With national companies’ refusal to openly supply the government, states face drug shortages that prevent them from carrying out executions. Some of these states have resorted to tactics as desperate as trying to illegally import these drugs from India. But more frequently they have turned to local compounding pharmacies without a large retail presence or robust public relations departments. These pharmacies mix or modify drugs to order and do not have to abide by FDA approval processes, which can result in improperly manufactured products that may lead to botched executions.

Even compounding pharmacies, though, have been stepping away from government contracts for execution drugs, realizing that the public backlash surrounding the use of their drugs in executions is not worth the small profit they make via such limited numbers of executions. Houston-based Greenpark Compounding, for instance, no longer makes execution drugs since becoming a protest target after investigative reporters published information regarding the company’s involvement in providing such drugs. Several pharmacy groups representing compounding pharmacies, like the International Academy of Compounding Pharmacists, have advised members to stop providing execution drugs.

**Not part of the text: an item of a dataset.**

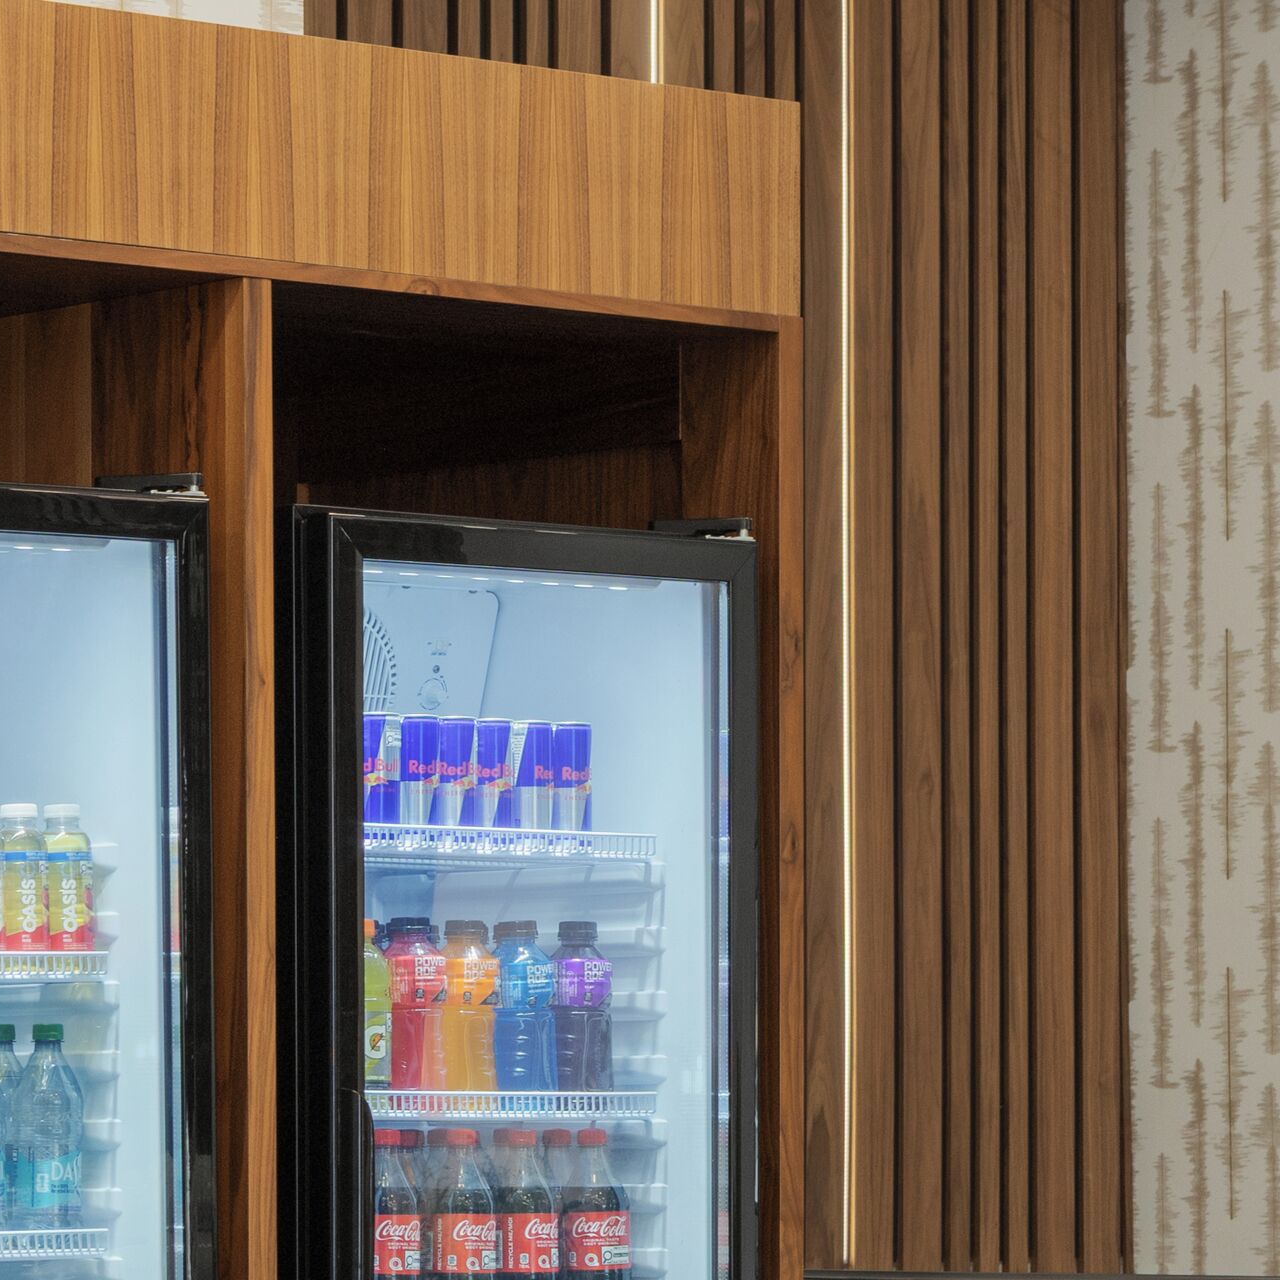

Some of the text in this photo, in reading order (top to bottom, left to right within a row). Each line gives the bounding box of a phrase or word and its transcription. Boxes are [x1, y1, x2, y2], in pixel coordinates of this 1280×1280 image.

Now that some states are turning to nitrogen hypoxia, large gas companies have begun to take similar measures to limit selling products for use in executions and to announce their position publicly. Airgas is the largest U.S. packaged gas distributor, with 24 branches in Alabama alone. In 2023 Airgas issued a statement:

Notwithstanding the philosophical and intellectual debate of the death penalty itself, supplying nitrogen for the purpose of human execution is not consistent with our company values…Airgas has not and will not supply Alabama nitrogen or other inert gases to induce hypoxia for the purpose of human execution.

The free market imperative that companies be open, transparent, and responsive to consumers has effectively limited states’ ability to execute in a medicalized, “humane” fashion, the only manner that receives enough public approval to maintain the system in the first place. The mushrooming of secrecy laws has acted against this democratic feedback mechanism.

Opacity in state dealings with private companies, and the usage of products provided by companies, is not in the interest of consumers, businesses, or taxpayers. Secrecy is also not in the best interest of democracy, which is reliant on its citizenry being informed about and able to debate freely the penal policies and practices for which we elect our representatives to enact. Equally troubling has been the official secrecy surrounding the execution protocols themselves. For instance, in Alabama, it is the position of the Department of Corrections that the nitrogen hypoxia protocol is confidential and not subject to public records requests.

State secrecy about matters of public policy signifies a political order that does not support principles of liberty, including freedom of information, democracy, and limited incursion on the fundamental freedom of human beings. This is especially compelling when dealing with penal policy that prescribes death to a citizen. In the case of the state’s use of lethal gas in executions, a remarkable lack of reflexiveness of its linkage to authoritarian regimes has been exhibited.

U.S. companies have, under the free market conditions of transparency, been key players in making capital punishment more difficult for the state. State secrecy laws connected to capital punishment should be overturned in favor of increased government transparency and accountability. Transparency would allow for principles inextricable from democracy and the free market, including freedom of access to information on which citizens base their decisions for spending, governance, and policy, to flourish.